■ **Annotated photo localization data**

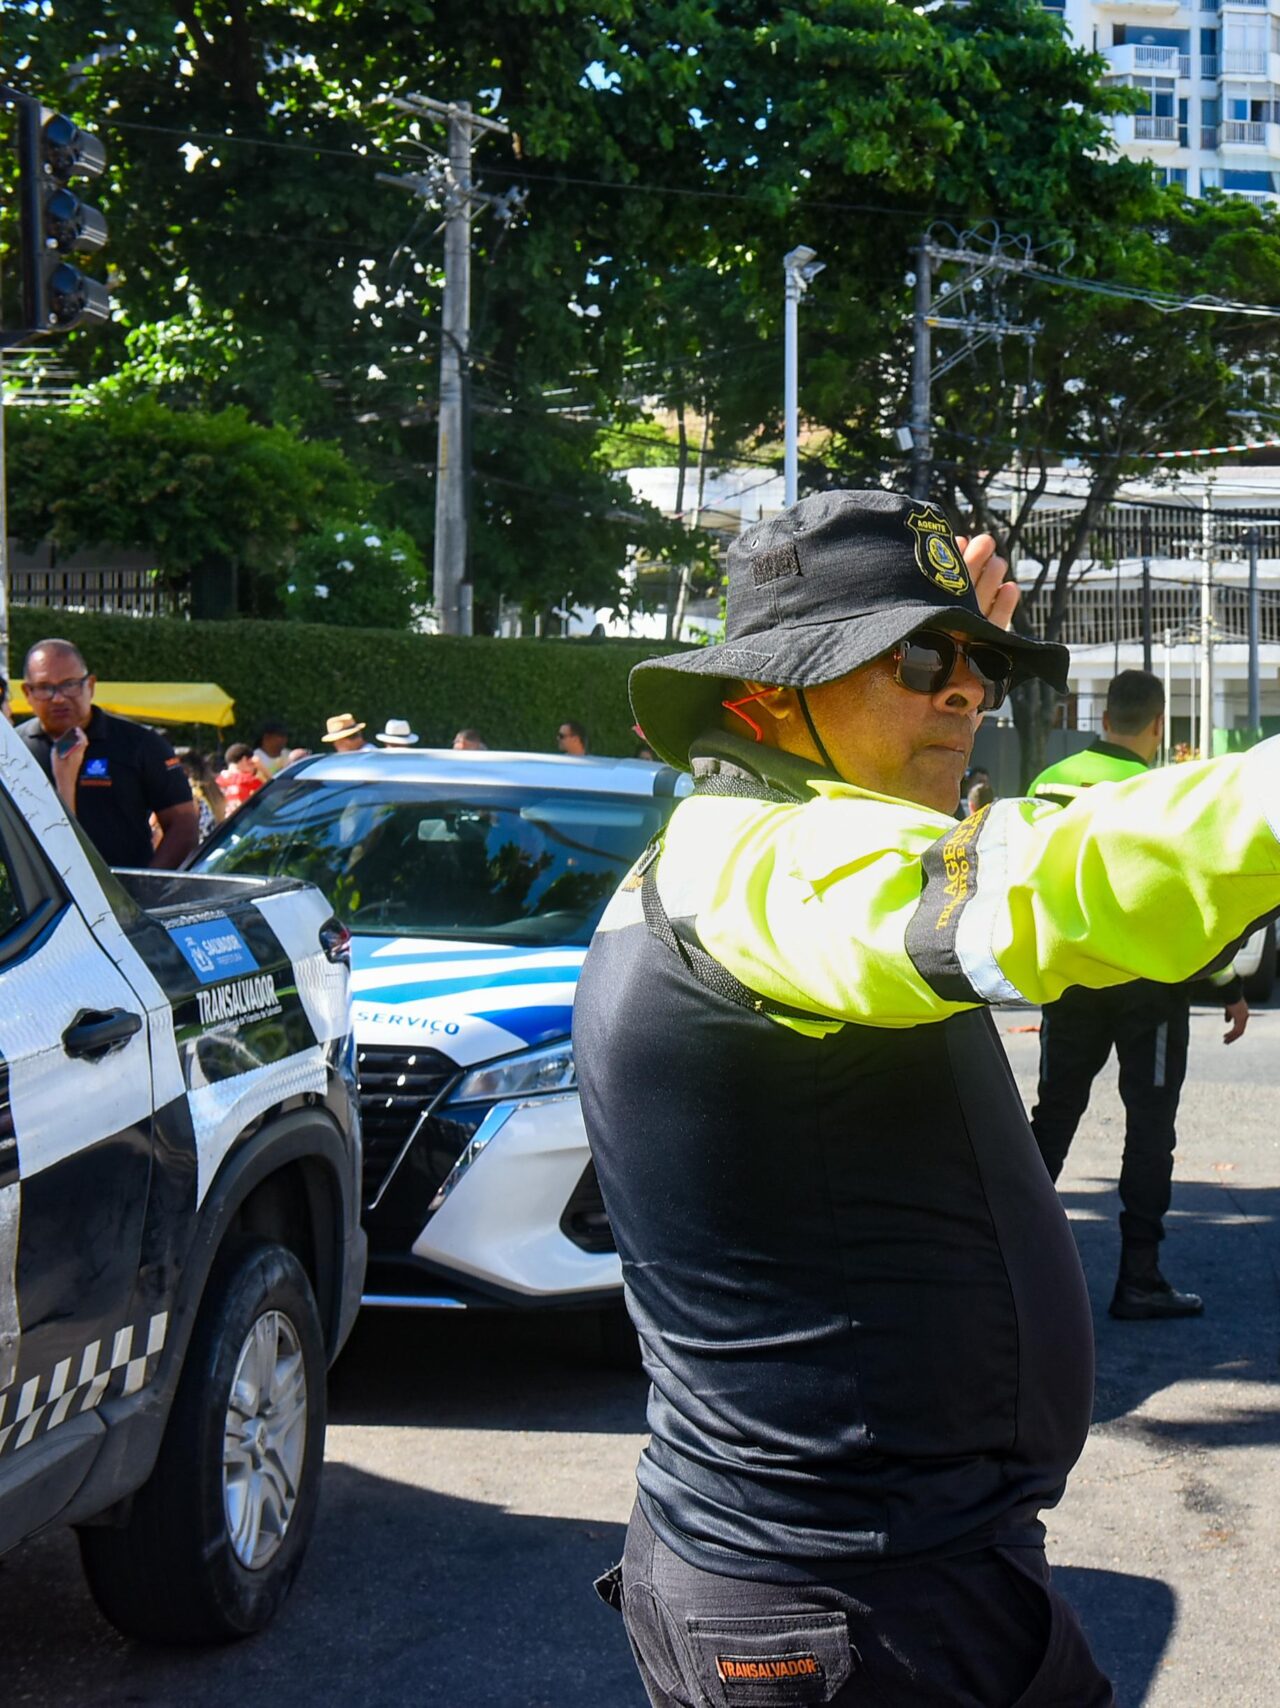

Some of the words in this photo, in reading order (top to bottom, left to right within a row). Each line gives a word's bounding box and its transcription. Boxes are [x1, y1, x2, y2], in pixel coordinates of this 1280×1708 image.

[917, 520, 947, 533] AGENTE
[202, 934, 243, 957] SALVADOR
[196, 974, 280, 1026] TRANSALVADOR
[357, 1011, 460, 1036] SERVIÇO
[721, 1658, 816, 1679] TRANSALVADOR

■ **Your goal**
Every entry above has to be repeated exactly, apart from its pictures.

■ **Exercise result**
Some of the words in this photo, in reading order (top to bottom, left to right within a row). Each line gives a word's bounding box and its transcription. Boxes are [x1, y1, x2, y2], in pixel coordinates of this 1280×1708 image.

[917, 520, 947, 533] AGENTE
[202, 934, 243, 957] SALVADOR
[196, 974, 280, 1026] TRANSALVADOR
[357, 1011, 460, 1036] SERVIÇO
[721, 1658, 816, 1679] TRANSALVADOR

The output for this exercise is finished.